### Aim of the task
I'd like the data below restated word for word, with the pictures left out.

### Records contained in a dataset

==================================================

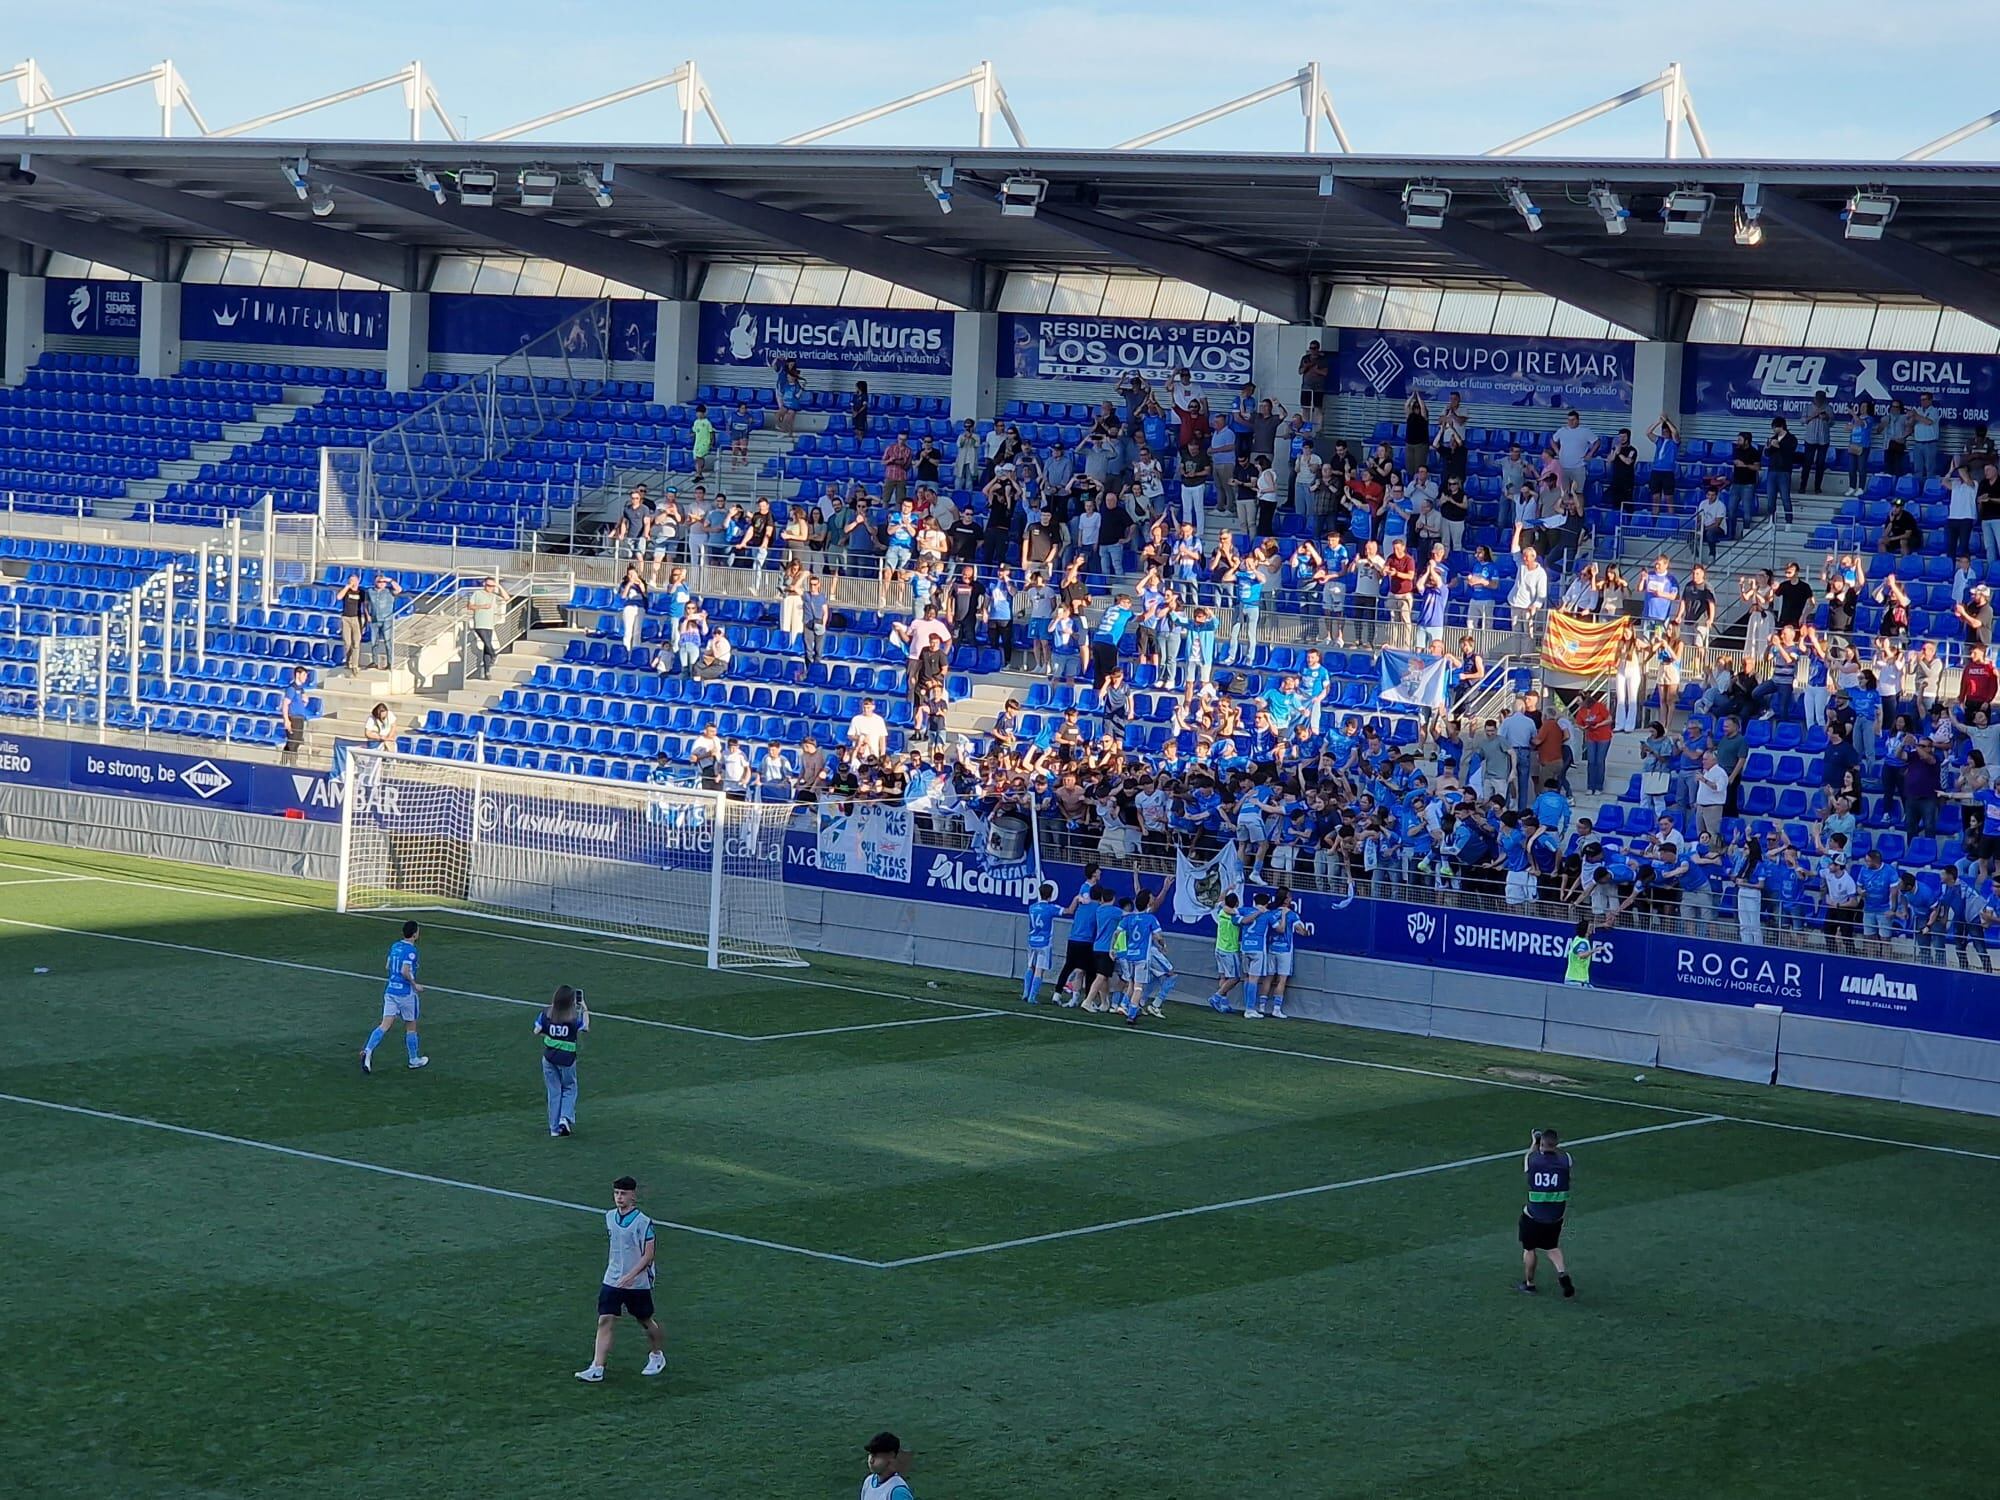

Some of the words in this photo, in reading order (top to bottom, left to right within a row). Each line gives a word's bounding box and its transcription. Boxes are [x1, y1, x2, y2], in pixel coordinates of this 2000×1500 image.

[105, 291, 130, 302] FIELES
[105, 303, 136, 314] SIEMPRE
[764, 316, 942, 350] HuescAlturas
[1040, 321, 1163, 341] RESIDENCIA
[1193, 328, 1251, 345] EDAD
[764, 347, 797, 360] Trabajos
[800, 349, 839, 360] verticales,
[1039, 339, 1107, 364] LOS
[1118, 342, 1251, 371] OLIVOS
[1413, 346, 1509, 372] GRUPO
[1517, 351, 1617, 377] IREMAR
[1048, 365, 1090, 375] TLF.
[1215, 374, 1241, 383] 32
[1891, 360, 1971, 385] GIRAL
[1469, 378, 1492, 389] futuro
[1536, 384, 1551, 392] con
[1553, 385, 1563, 393] un
[1565, 384, 1591, 396] Grupo
[1731, 398, 1777, 411] HORMIGONES
[1962, 409, 1989, 421] OBRAS
[87, 756, 105, 773] be
[108, 760, 154, 783] strong,
[158, 763, 176, 782] be
[189, 771, 222, 787] KUHN
[503, 803, 620, 842] Casademont
[666, 829, 752, 858] Hueca
[1677, 949, 1801, 987] ROGAR
[1676, 973, 1722, 988] VENDING
[1730, 980, 1773, 995] HORECA
[1780, 986, 1802, 998] OCS
[1840, 973, 1918, 1001] LAVAZZA
[549, 1024, 569, 1037] 030
[1534, 1172, 1559, 1187] 034

==================================================

### Task answer
Some of the words in this photo, in reading order (top to bottom, left to right within a row). Each line gives a word's bounding box and its transcription. Boxes are [x1, y1, x2, y2], in pixel coordinates of this 2000×1500 image.

[105, 291, 130, 302] FIELES
[105, 303, 136, 314] SIEMPRE
[764, 316, 942, 350] HuescAlturas
[1040, 321, 1163, 341] RESIDENCIA
[1193, 328, 1251, 345] EDAD
[764, 347, 797, 360] Trabajos
[800, 349, 839, 360] verticales,
[1039, 339, 1107, 364] LOS
[1118, 342, 1251, 371] OLIVOS
[1413, 346, 1509, 372] GRUPO
[1517, 351, 1617, 377] IREMAR
[1048, 365, 1090, 375] TLF.
[1215, 374, 1241, 383] 32
[1891, 360, 1971, 385] GIRAL
[1469, 378, 1492, 389] futuro
[1536, 384, 1551, 392] con
[1553, 385, 1563, 393] un
[1565, 384, 1591, 396] Grupo
[1731, 398, 1777, 411] HORMIGONES
[1962, 409, 1989, 421] OBRAS
[87, 756, 105, 773] be
[108, 760, 154, 783] strong,
[158, 763, 176, 782] be
[189, 771, 222, 787] KUHN
[503, 803, 620, 842] Casademont
[666, 829, 752, 858] Hueca
[1677, 949, 1801, 987] ROGAR
[1676, 973, 1722, 988] VENDING
[1730, 980, 1773, 995] HORECA
[1780, 986, 1802, 998] OCS
[1840, 973, 1918, 1001] LAVAZZA
[549, 1024, 569, 1037] 030
[1534, 1172, 1559, 1187] 034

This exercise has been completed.